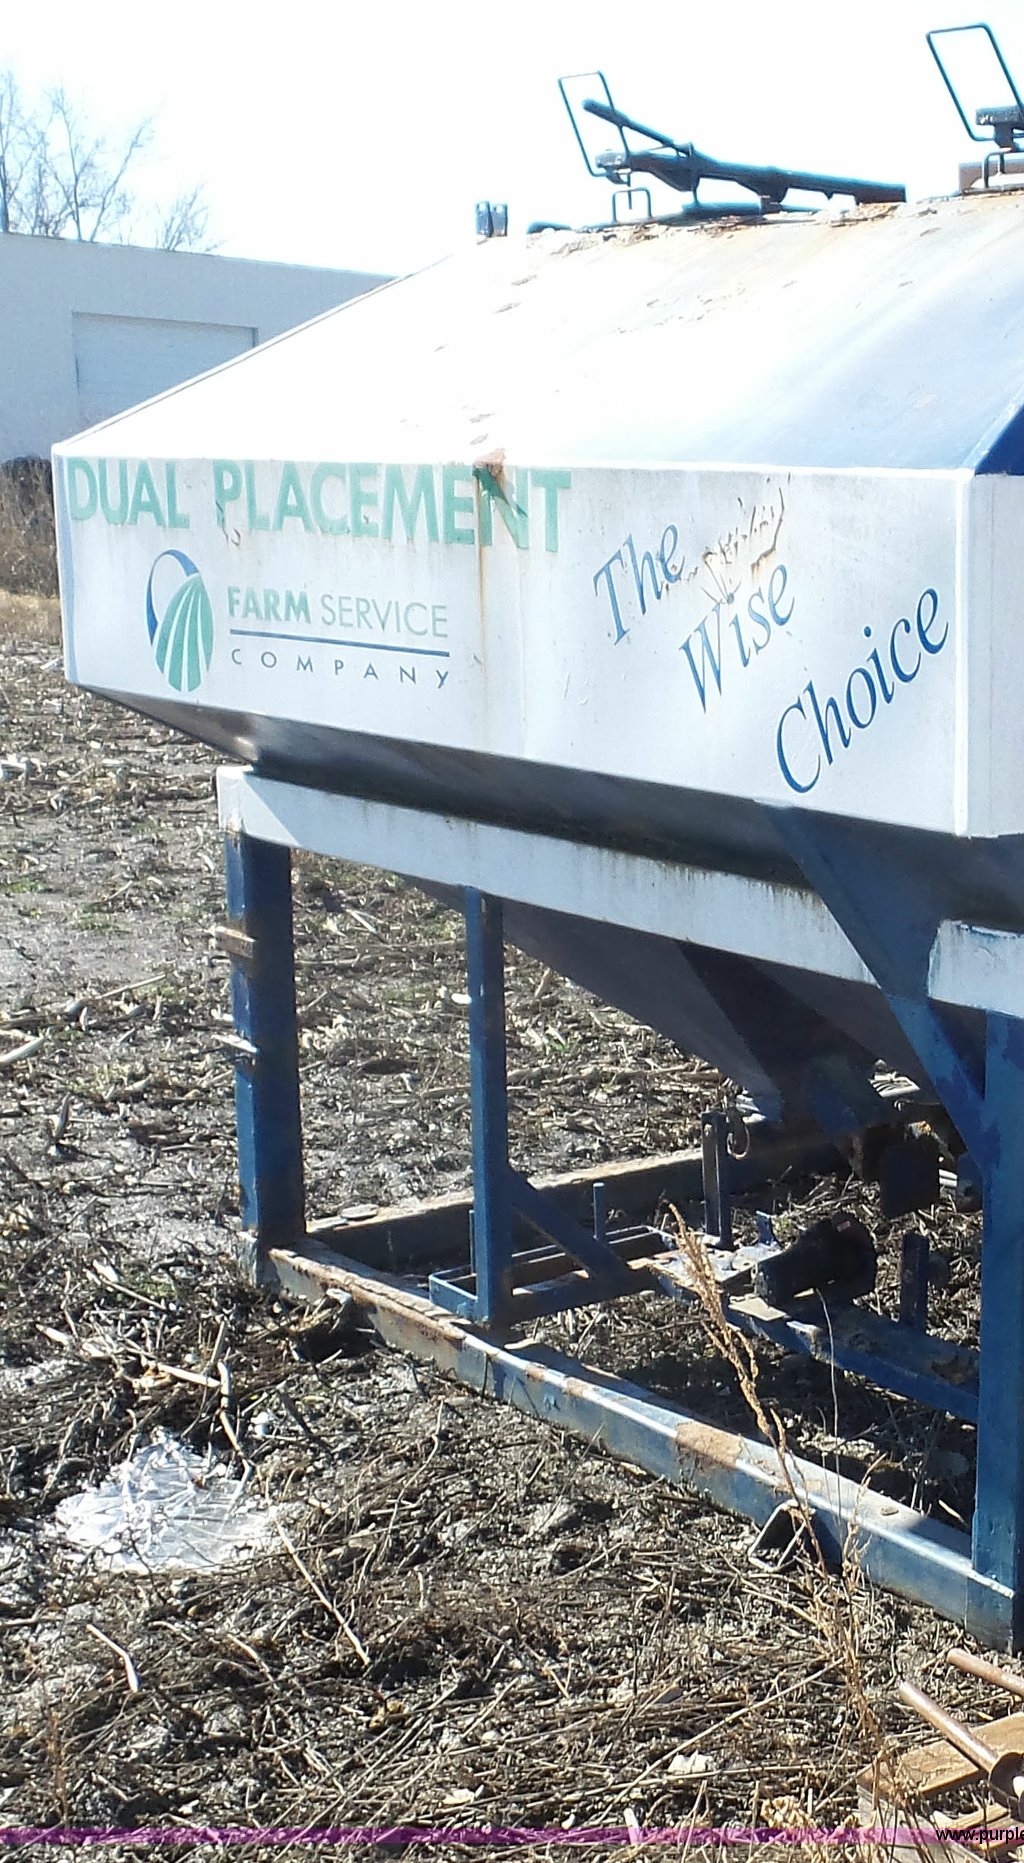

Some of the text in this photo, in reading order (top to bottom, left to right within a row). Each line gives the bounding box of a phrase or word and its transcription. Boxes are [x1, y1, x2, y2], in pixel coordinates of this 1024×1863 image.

[67, 457, 572, 553] DUAL PLACEMENT
[227, 585, 448, 638] FARM SERVICE
[593, 525, 685, 645] The
[679, 564, 795, 714] Wise
[231, 648, 449, 688] COMPANY
[776, 588, 949, 794] Choice
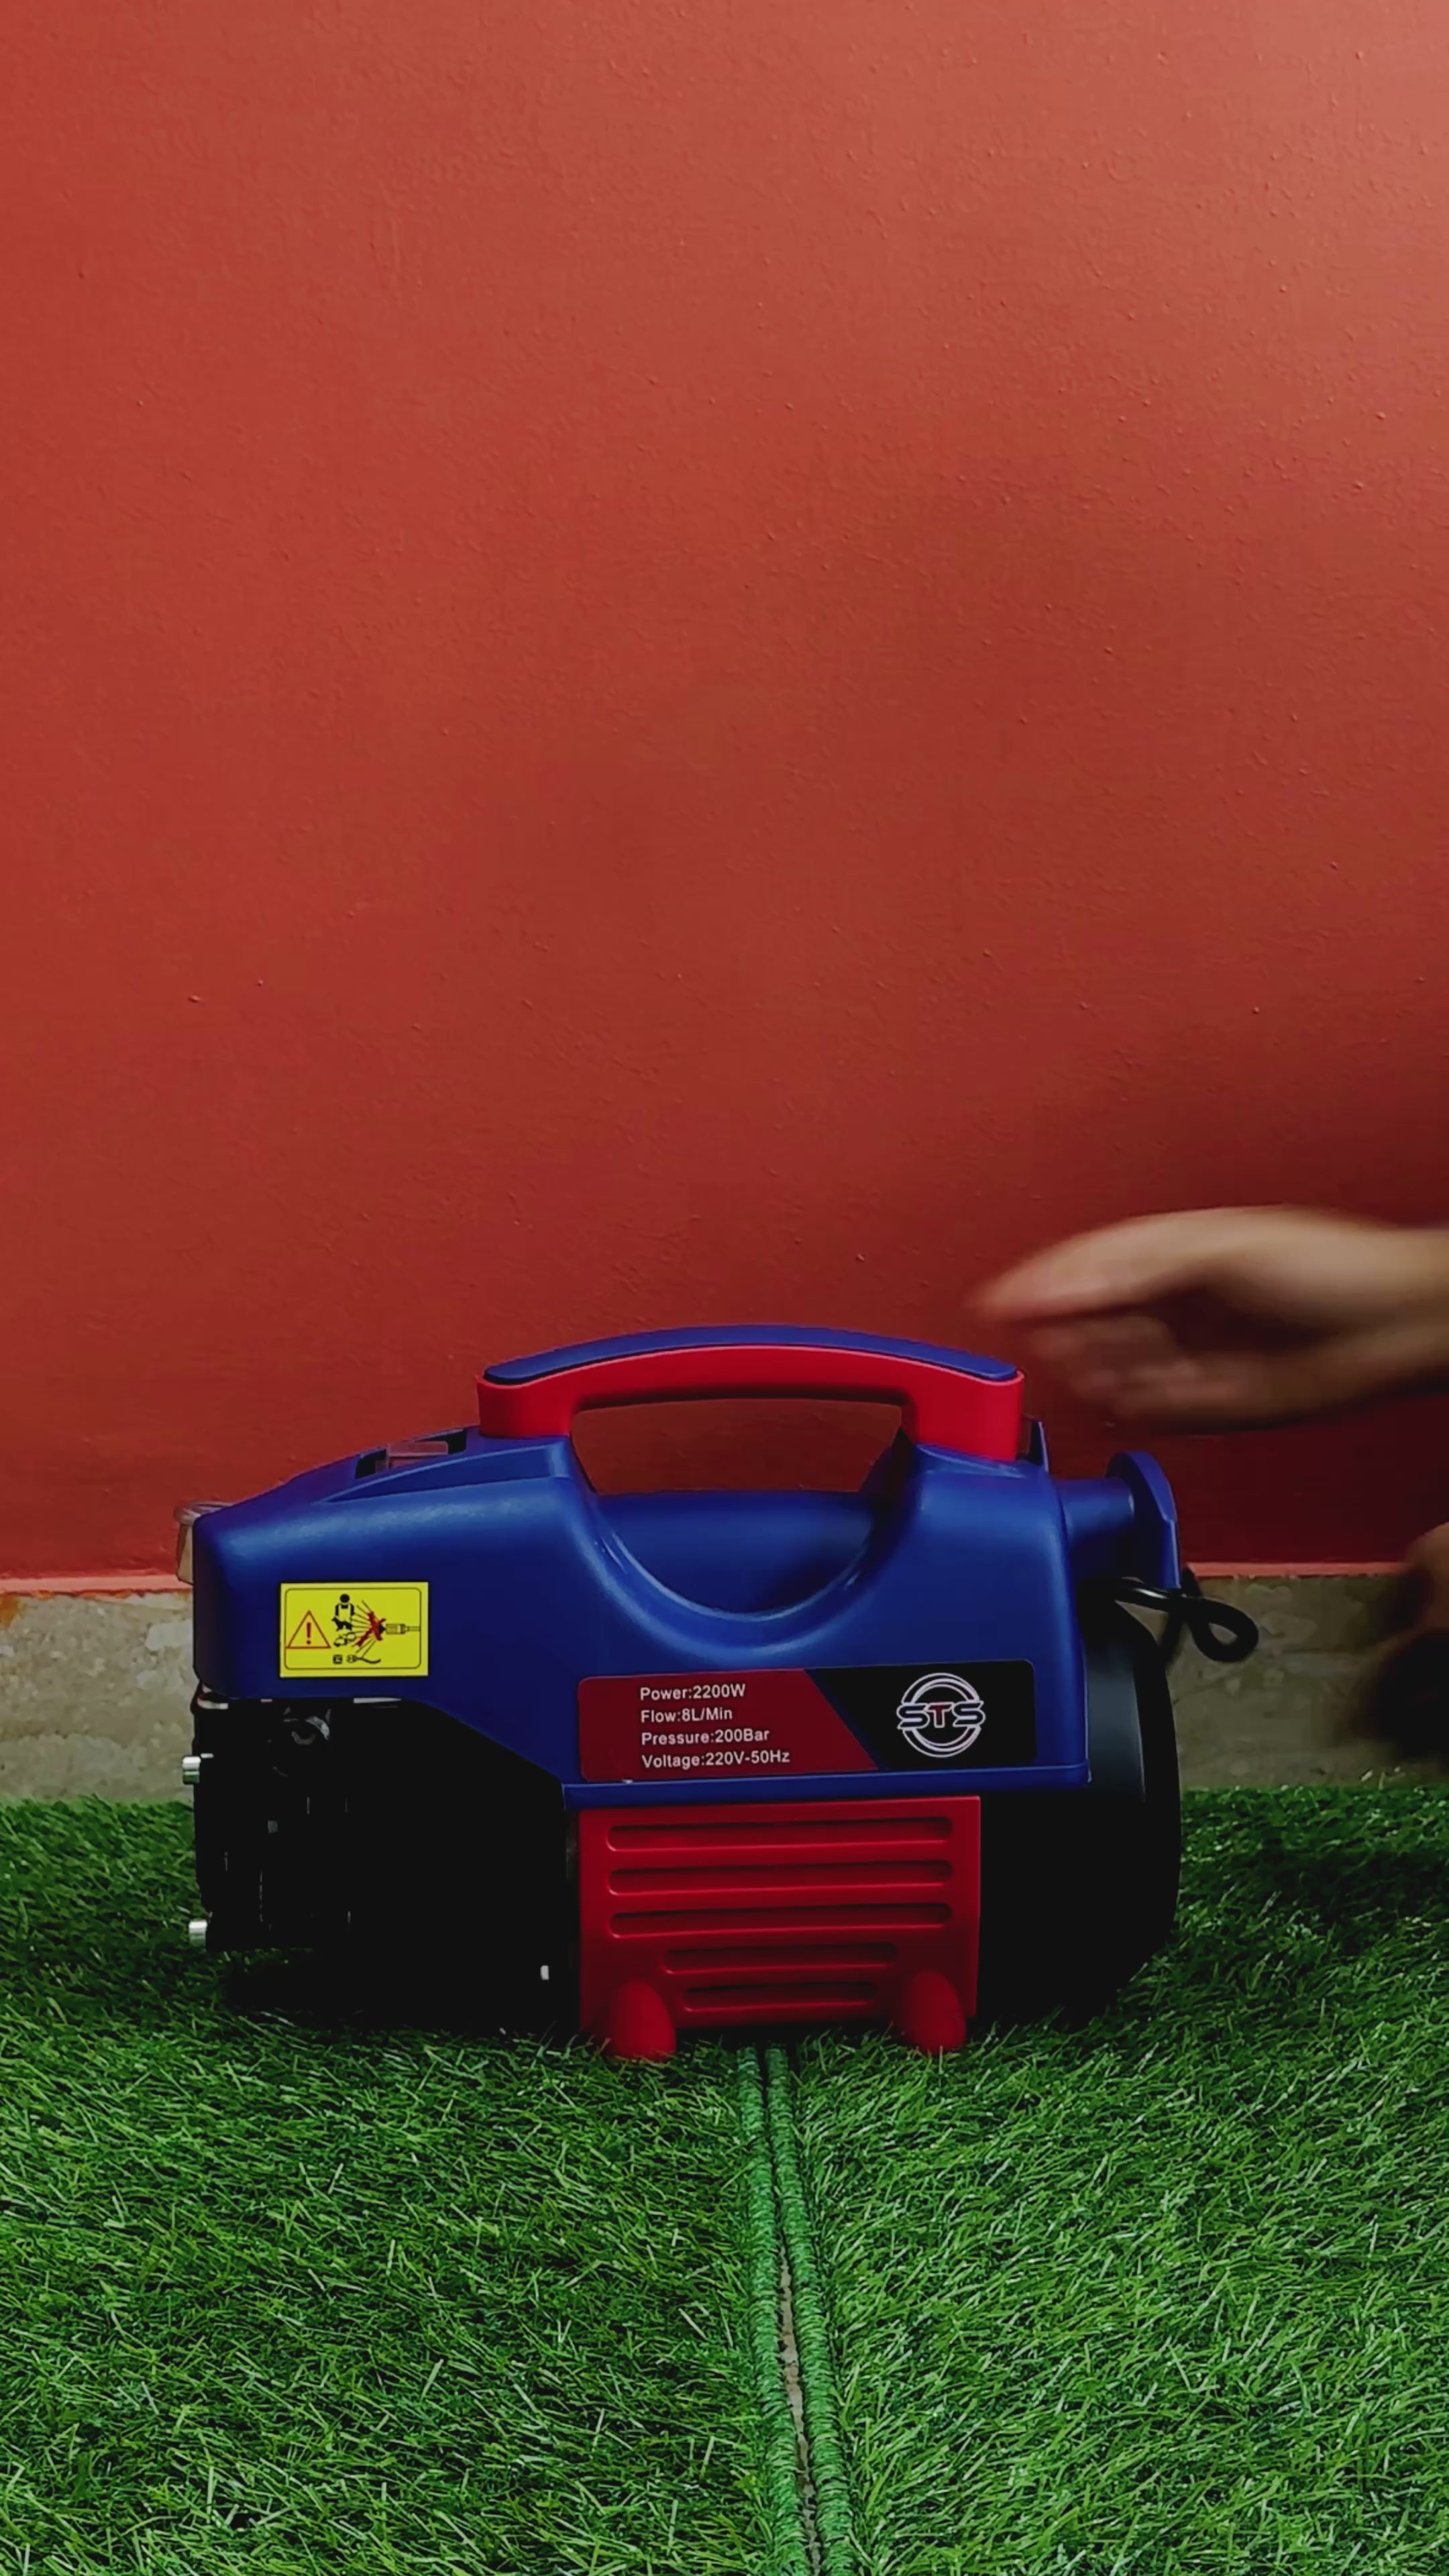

______

(Work instruction): In your copy, the listing above should appear word for word, with no images.

(Answer to this problem):
Some of the text in this photo, in reading order (top to bottom, left to right within a row). Each line gives the bounding box of a phrase or word and its transcription. Boxes are [x1, y1, x2, y2], in pixel coordinates of this 1024×1863 image.

[67, 457, 572, 553] DUAL PLACEMENT
[227, 585, 448, 638] FARM SERVICE
[593, 525, 685, 645] The
[679, 564, 795, 714] Wise
[231, 648, 449, 688] COMPANY
[776, 588, 949, 794] Choice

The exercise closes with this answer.